We thus learn that long before Manetho’s time there was an Asclepian literature, and not only did this deal with medicine but also with scripture in general and with “masonry.”
IMUTH-ASCLEPIUS THE MASTER MASON AND POET
That Asclepius was specially occupied with the sacred building-art, may be seen from Sethe’s study, whose industry has discovered a book on Temple-building ascribed to Imuth, a “Book that came from Heaven northwards from Memphis.” It was according to this Book that Ptolemy X. (Soter II.) and Ptolemy XI. (Alexander I.) enlarged the building of their ancestors at Edfu, “in agreement with the writing concerning the plans of the Temple of Horus, which the chief prelector of the priests, Imhotp, the son of Ptaḥ, had written.”

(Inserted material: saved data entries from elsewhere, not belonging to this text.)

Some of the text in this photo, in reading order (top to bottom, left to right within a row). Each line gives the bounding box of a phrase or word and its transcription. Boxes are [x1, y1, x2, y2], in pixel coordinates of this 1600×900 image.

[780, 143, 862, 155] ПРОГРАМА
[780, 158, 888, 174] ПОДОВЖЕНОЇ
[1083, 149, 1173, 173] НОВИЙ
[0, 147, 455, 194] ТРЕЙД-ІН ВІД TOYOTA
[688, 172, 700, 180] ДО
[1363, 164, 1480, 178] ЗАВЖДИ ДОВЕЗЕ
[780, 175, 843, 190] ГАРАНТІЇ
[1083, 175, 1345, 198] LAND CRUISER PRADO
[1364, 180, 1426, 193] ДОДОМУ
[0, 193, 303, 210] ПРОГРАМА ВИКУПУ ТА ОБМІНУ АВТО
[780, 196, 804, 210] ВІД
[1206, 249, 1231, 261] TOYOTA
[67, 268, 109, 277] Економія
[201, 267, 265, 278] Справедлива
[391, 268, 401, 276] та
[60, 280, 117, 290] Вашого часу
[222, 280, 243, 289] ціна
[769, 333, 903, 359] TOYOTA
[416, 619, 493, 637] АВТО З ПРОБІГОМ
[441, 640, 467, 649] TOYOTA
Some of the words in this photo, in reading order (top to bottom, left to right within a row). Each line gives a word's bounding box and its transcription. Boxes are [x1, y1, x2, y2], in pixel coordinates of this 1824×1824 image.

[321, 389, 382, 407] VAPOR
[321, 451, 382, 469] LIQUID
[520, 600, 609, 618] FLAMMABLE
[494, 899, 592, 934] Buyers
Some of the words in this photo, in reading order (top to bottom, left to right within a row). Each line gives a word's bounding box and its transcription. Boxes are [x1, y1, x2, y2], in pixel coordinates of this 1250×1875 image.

There were also certain very ancient Sermons (or Songs) of Imhotp, and a saying from one of these
[paragraph continues] Sermons, the “Song from the House of King Intf,” is given by Sethe as follows:
“I have heard the words of Imhotp and Hardadaf; they are still much spoken of, but where are their abodes?”
Perhaps this explains the statement in S. H. I. (Stob., Ec., i. 49; W. p. 467, 4) that Asclepius-Imuth was the inventor of poetry. Imuth was to the Egyptians what Orpheus, Linus or Musæus was to the Greeks.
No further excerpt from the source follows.